Carlos comprou um lindo anel de noivado. A caixinha era grená, de veludo, e quando a abria, o brilho das pedras preciosas ofuscavam-lhe os olhos e era também a comoção. Sim,um homem também chora, quando o momento é o do grande amor da sua vida.
Clara não sabia o que dizer naquele momento em que ele, de mãos trémulas apertando a caixa, a voz segura e quente:
_Clarinha, eu amo-te. Aceitas casar comigo?
Toda ela corou. As mãos inquietas, os olhos luzidios, os lábios entreabrindo-se num sorriso incandescente, o coração a 100 há hora como ela gostava de dizer, como o sentia há muito sempre que o via a ele, o seu Carlos.

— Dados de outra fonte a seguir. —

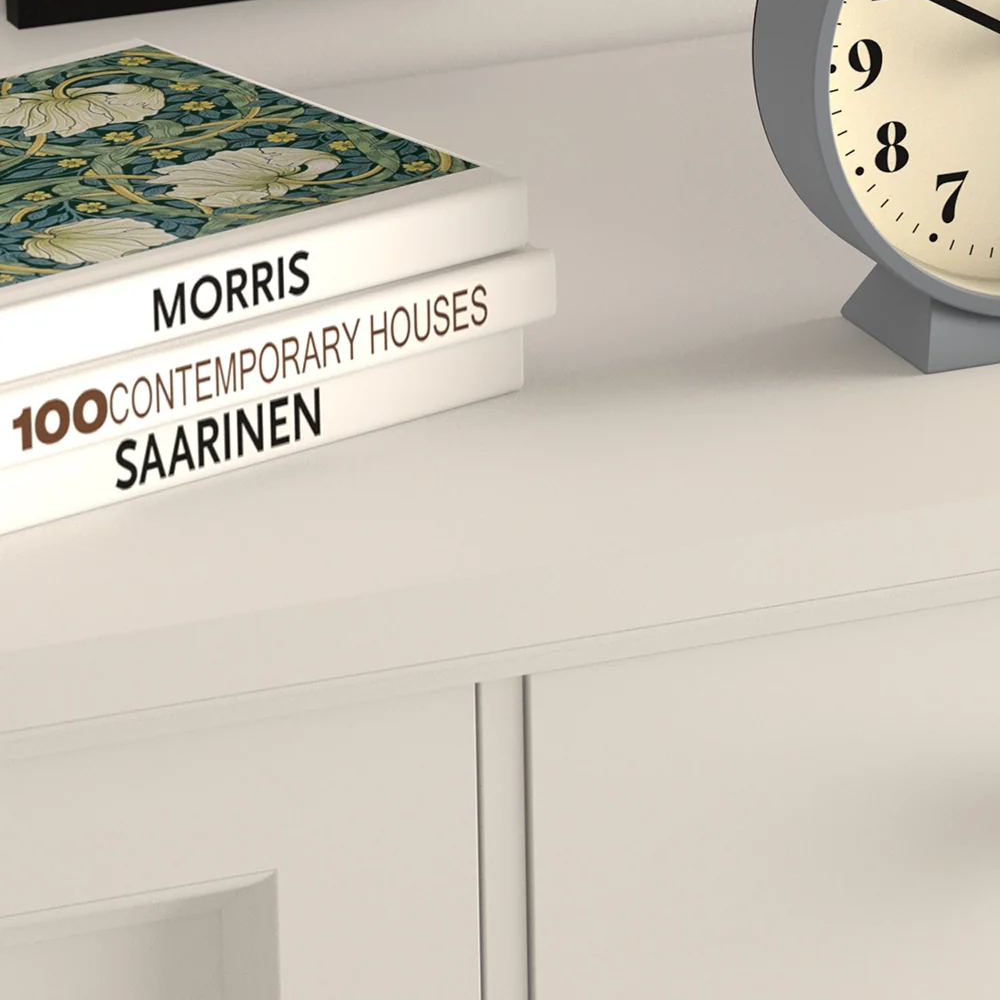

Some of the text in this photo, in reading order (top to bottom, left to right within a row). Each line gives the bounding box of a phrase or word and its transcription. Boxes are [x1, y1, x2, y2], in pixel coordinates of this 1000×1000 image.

[848, 38, 883, 92] 9
[874, 120, 910, 173] 8
[935, 170, 969, 224] 7
[152, 250, 310, 332] MORRIS
[370, 284, 488, 355] HOUSES
[115, 387, 321, 491] SAARINEN

_Sim, Carlos, eu amo-te muito e aceito casar contigo, mas primeiro vamos conhecer-nos melhor, namorar.
Ele disse que sim. Com a cabeça, com todo o corpo que se aproximou dela e numa manifestação súbita, ou esperada, deu-lhe um beijo ao de leve nos lábios carnudos e húmidos e sentiu que os corpos, o dele e o dela tinham estremecido, como se um choque eléctrico tivesse ocorrido e os aproximasse em correntes de afectos sublimes.

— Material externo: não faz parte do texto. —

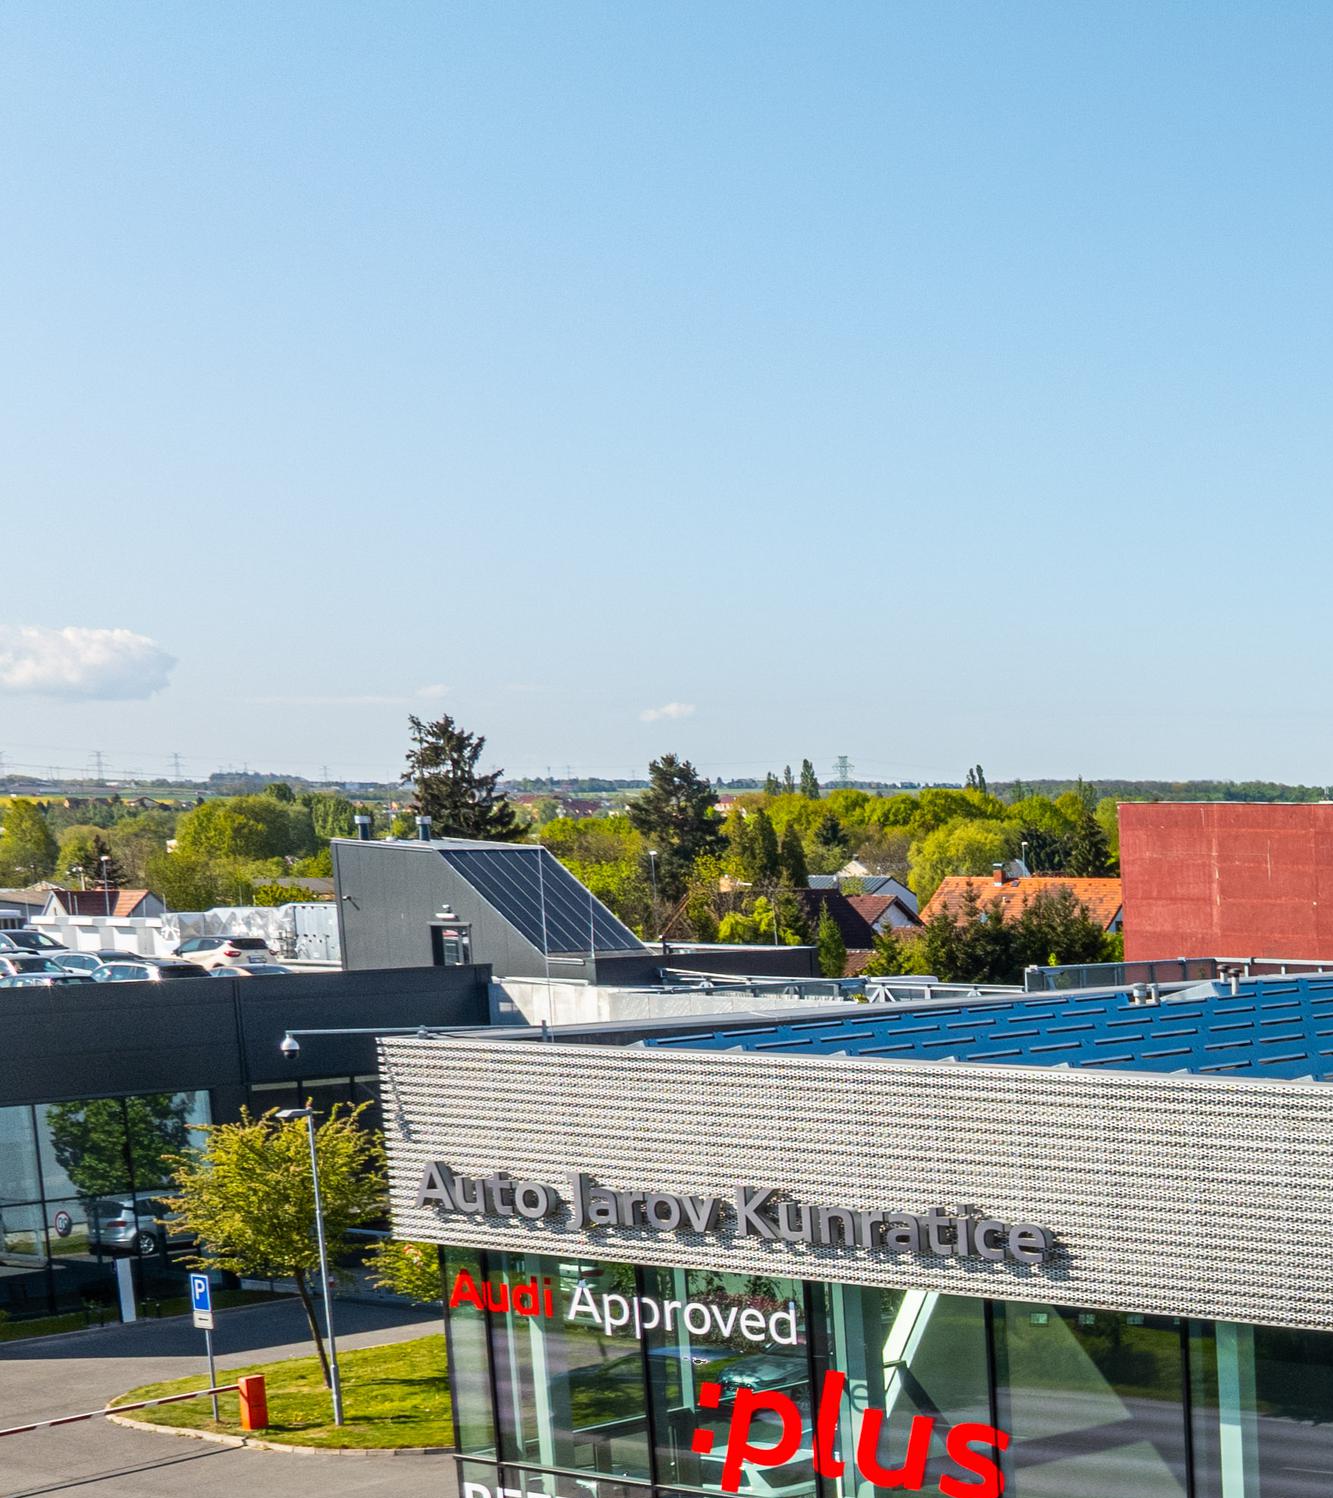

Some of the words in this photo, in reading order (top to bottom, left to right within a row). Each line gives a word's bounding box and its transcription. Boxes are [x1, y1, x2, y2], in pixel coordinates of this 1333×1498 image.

[415, 1161, 559, 1221] Auto
[566, 1173, 727, 1234] Jarov
[734, 1184, 1056, 1264] Kunratice
[194, 1278, 205, 1300] P
[449, 1269, 554, 1319] Audi
[567, 1281, 799, 1346] Approved
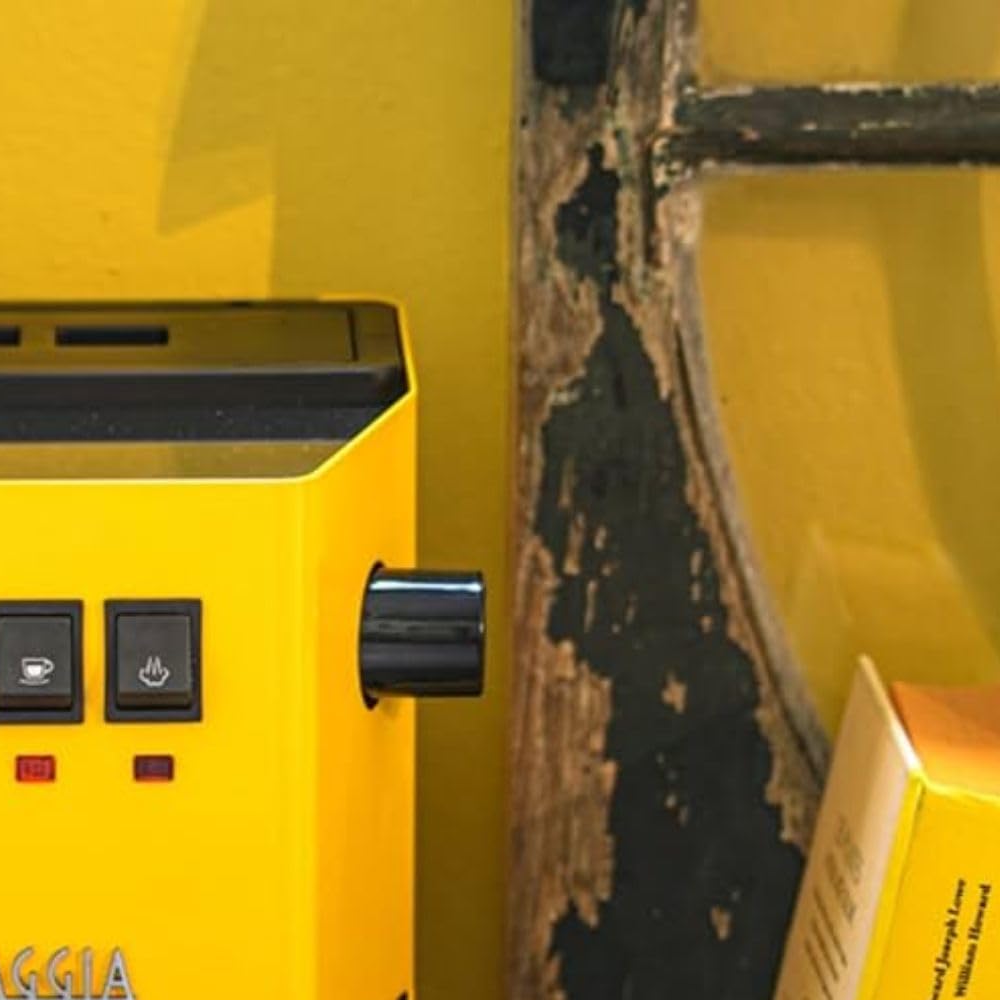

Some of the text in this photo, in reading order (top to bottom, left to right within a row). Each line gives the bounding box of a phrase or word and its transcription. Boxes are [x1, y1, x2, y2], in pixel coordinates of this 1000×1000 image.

Em volta deles, por detrás do momento superior que viviam, os colegas aplaudiram, com palavras de parabéns e desejos de felicidade.
II
Durante cerca de quadro anos namoraram em edilicos momentos de absorção de si próprios, um no outro, com birras e amuos, seguidos de pazes feitas com mimos e outras fantasias, passeios de mão dada junto à foz, tentativas de sedução dele, para que fizessem amor, unissem os sexos numa evidência de amor que sentiam, do interior de si, ás vezes violentos, os desejos, os anseios, o cio de cada um, o cheiro indutor que se exalava dos corpos numa emanação natural que os sentimentos fortaleciam e se testavam à rigidez dos principios.
Clara fazia questão de casar virgem. Era um sonho de menina, podiam beijar-se, envolver-se em afagos, podia até mexer-lhe nas maminhas, beijá-las, mexer-lhe no sexo, beijá-lo se quisesse e ela faria o mesmo com ele, o que lhe desse prazer dela, de estar com ela, mas sexo com sexo, fazer amor, só depois do acto solene do casamento.

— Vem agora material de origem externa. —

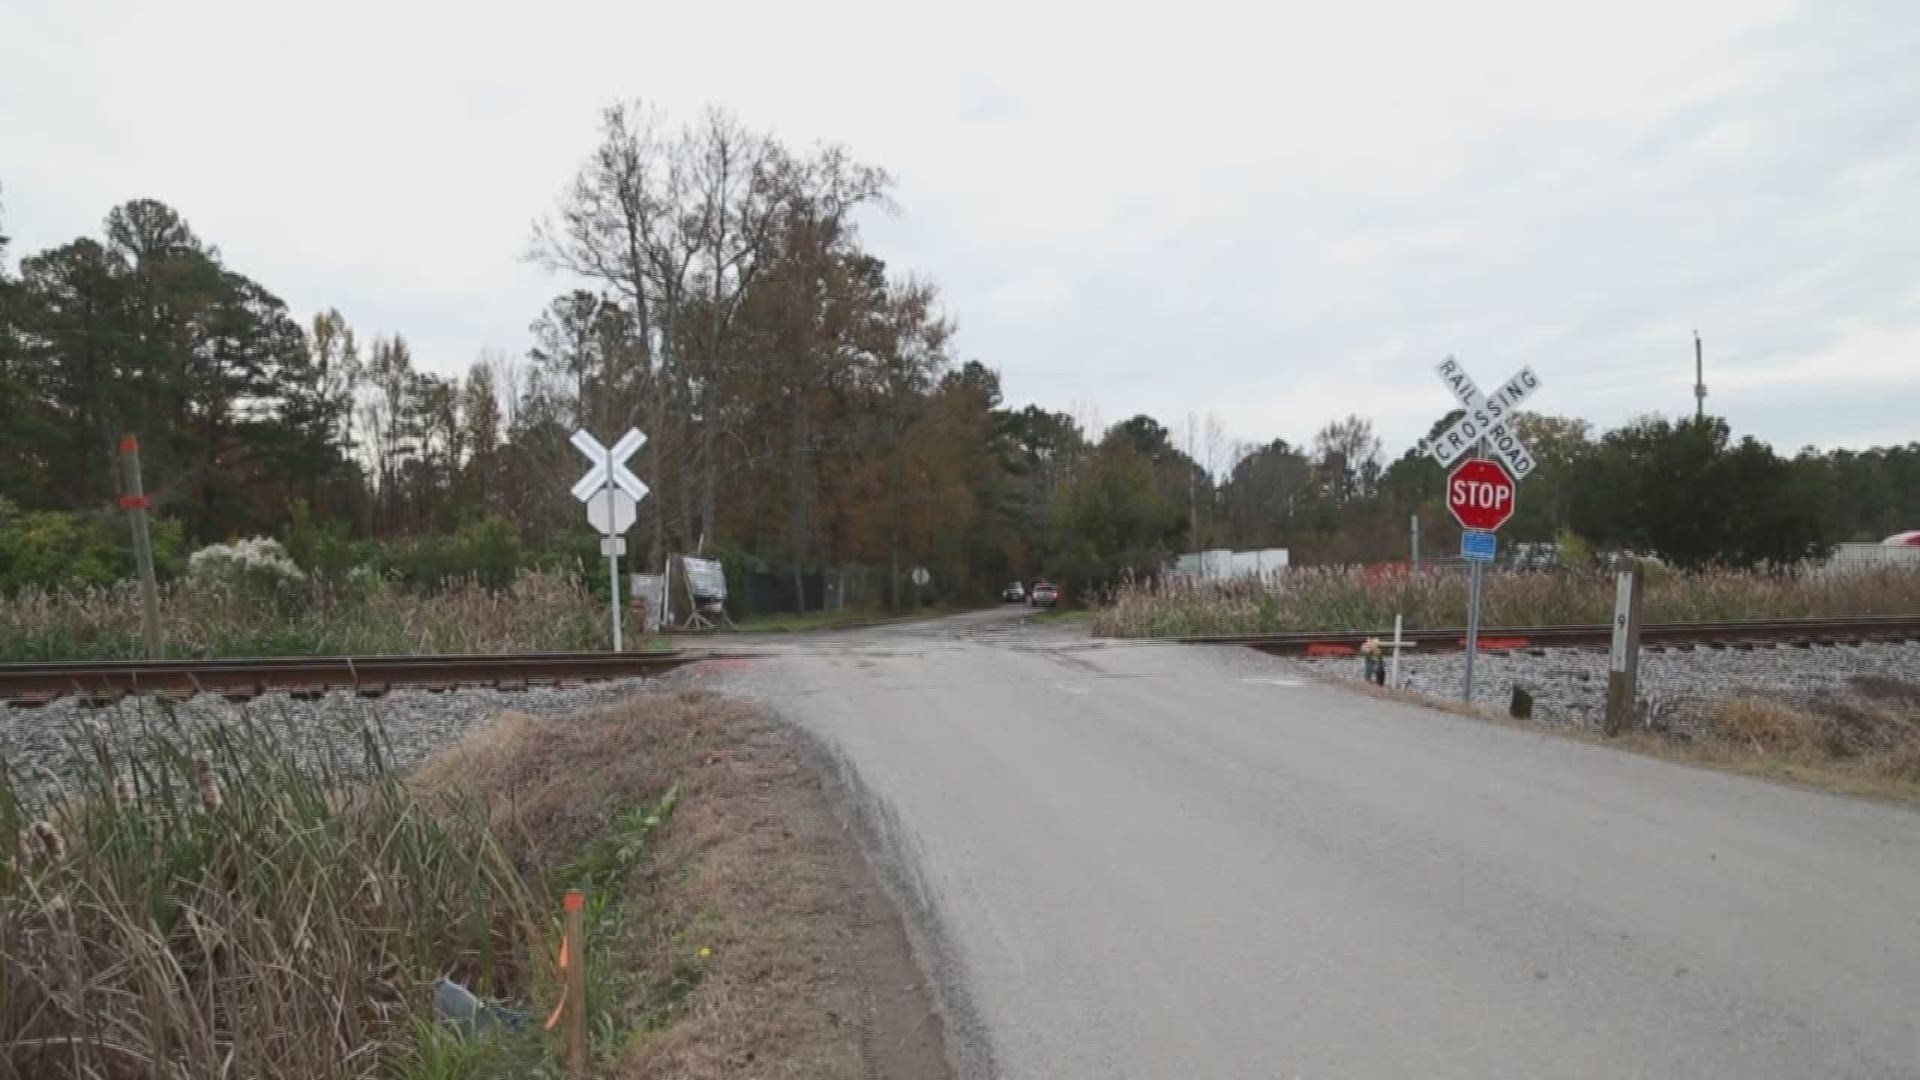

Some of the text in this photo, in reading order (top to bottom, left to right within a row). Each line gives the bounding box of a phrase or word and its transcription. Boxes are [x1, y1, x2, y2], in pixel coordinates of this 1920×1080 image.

[1440, 360, 1476, 406] RAIL
[1435, 371, 1537, 460] CROSSING
[1489, 425, 1530, 473] ROAD
[1452, 480, 1510, 510] STOP

E ele aceitava, ardendo de desejo, mas aceitava, porque sentia por aquela mulher um amor profundo, um sentimento de respeito por tudo o que nela era um simbolo de pureza. Aceitava que fosse ela a decidir, era uma manifestação da sua, dela, maturidade, ante os desvarios infantis dele, homem, a pensar apenas na sua satisfação libidinosa.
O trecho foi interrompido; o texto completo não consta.